Imbolo Mbue


Imbolo Mbue is a novelist and short-story writer based in New York City. She is known for her debut novel Behold the Dreamers, which has garnered her the PEN/Faulkner Award for Fiction and the Blue Metropolis Words to Change Award. Her works draw from her own experiences as an immigrant, as well as the experiences of other immigrants pursuing the American dream.

Personal life

Born in Limbe, Cameroon, in 1981, Mbue was raised there until family sponsored her higher education studies in the United States. She has stated that coming to America made her realize that she "had to learn to stand up, to stand out. I had to learn to be bolder. I don't put up with things here that I would have in Limbe."
After completing her undergraduate and graduate studies, she began a job in marketing for a media company, which she lost during the recession. During this period of time, Mbue observed the difference in classes while walking through New York City, where she observed cab drivers who were predominantly black, waiting to drive executives. This formed the basis of her novel Behold the Dreamers.
Mbue's writing, particularly Behold the Dreamers, seeks to explore topics regarding the complexity of American immigration policies and achievements, and overall, the pursuance of the American Dream. According to Mbue, the novel connects the characters' experiences and feelings with those of her own: financial struggles, hopelessness, reevaluation of one's goals, and struggles as an immigrant. She has stressed the importance of literature providing empathy, which she feels is lacked in immigration policies and overall politics.
Mbue became an American citizen in 2014, and currently lives in New York City with her husband and children.

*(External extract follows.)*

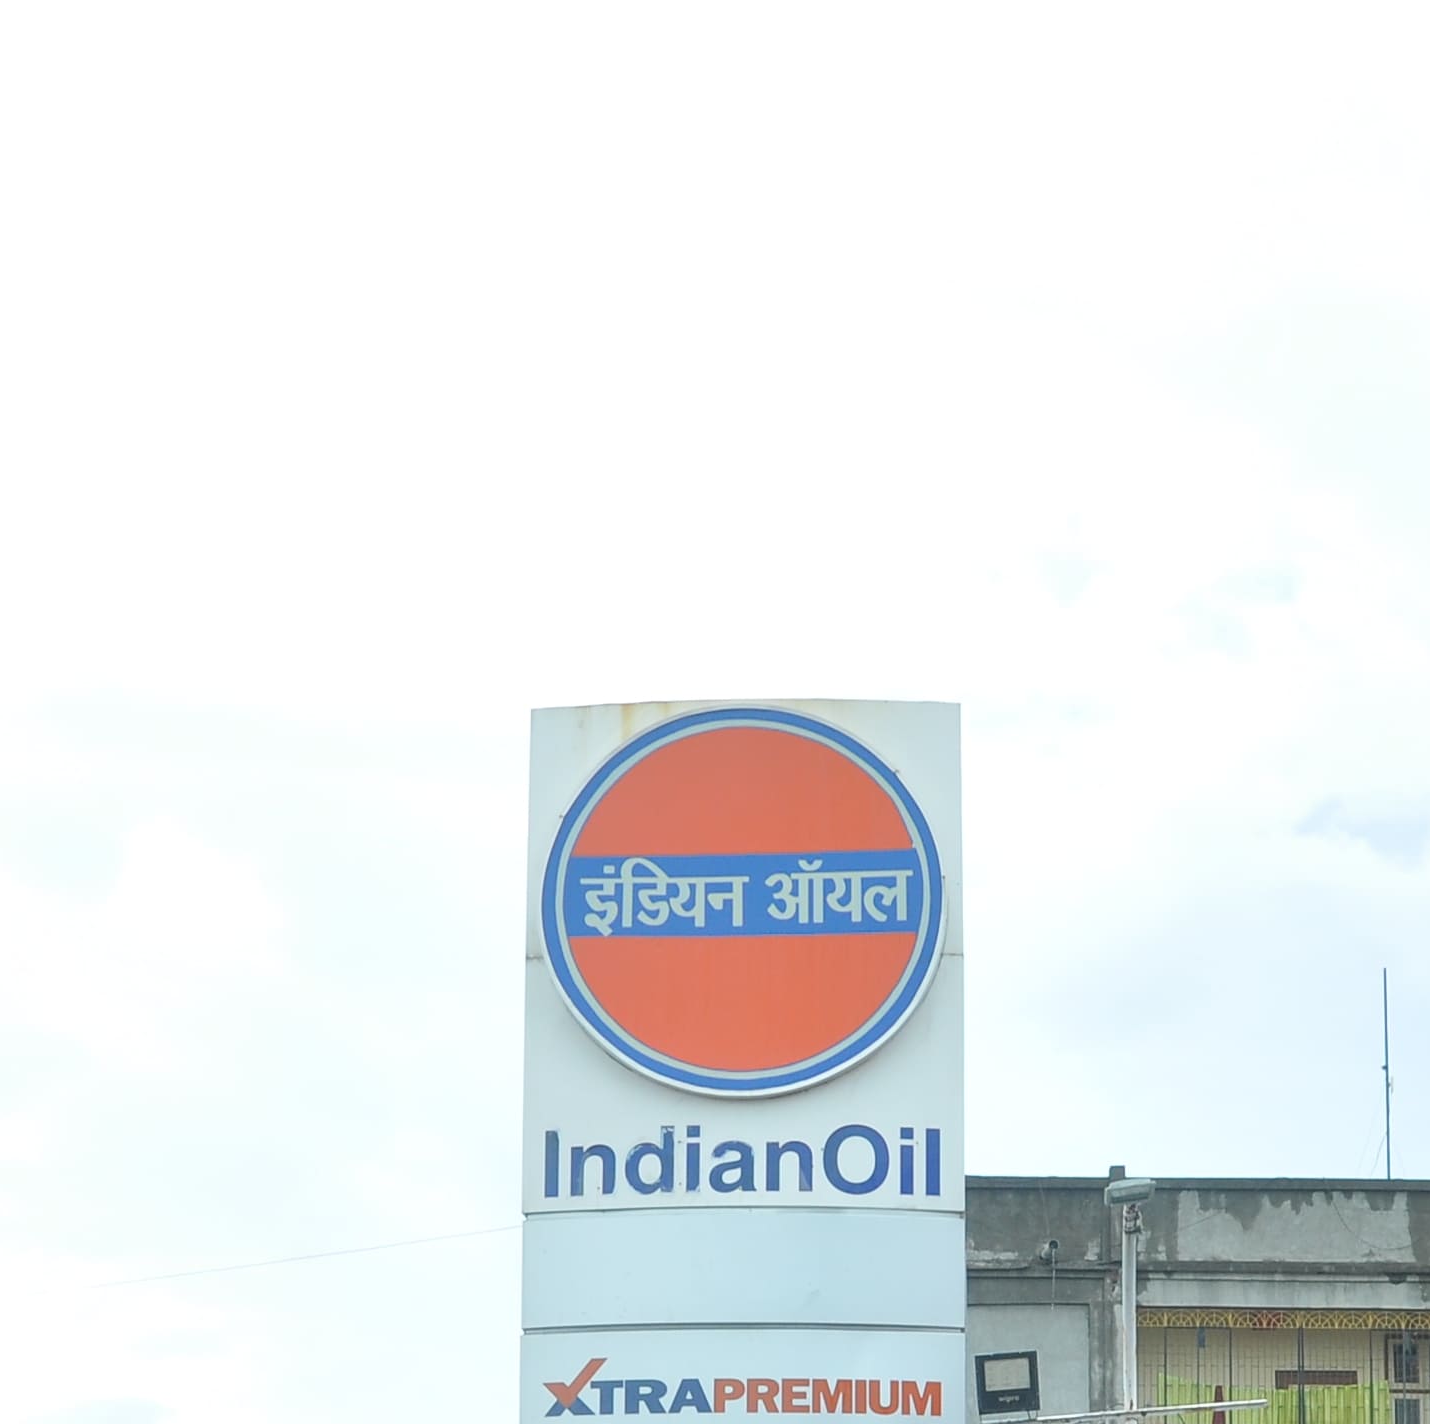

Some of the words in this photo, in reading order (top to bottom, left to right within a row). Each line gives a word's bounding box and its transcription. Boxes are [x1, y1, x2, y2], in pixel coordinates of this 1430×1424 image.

Career and ''Behold the Dreamers''

Mbue came to the United States in 1998 to study business management as an undergraduate student at Rutgers University. After graduating in 2002, she went on to complete her M.A. from Columbia University, in 2006. She began to work in the corporate sector in New York City, but lost her job as did millions of Americans during the Great Recession.
In 2014 she signed a million-dollar deal with Random House for her debut book Behold the Dreamers, which was published in 2016. The novel garnered critical acclaim for, according to NPR, the way it "depicts a country both blessed and doomed, on top of the world, but always at risk of losing its balance. It is, in other words, quintessentially American."
According to the Washington Posts Ron Charles, as the book's release coincided with the 2016 presidential election, paired with the "anti-immigrant" rhetoric that was brought to light by candidates and their supporters, the novel brought to light the "vast bureaucracy designed to wall off the American Dream from outsiders". In 2017, the novel was selected by Oprah Winfrey for her book club.
Mbue is a contributor to the anthology New Daughters of Africa.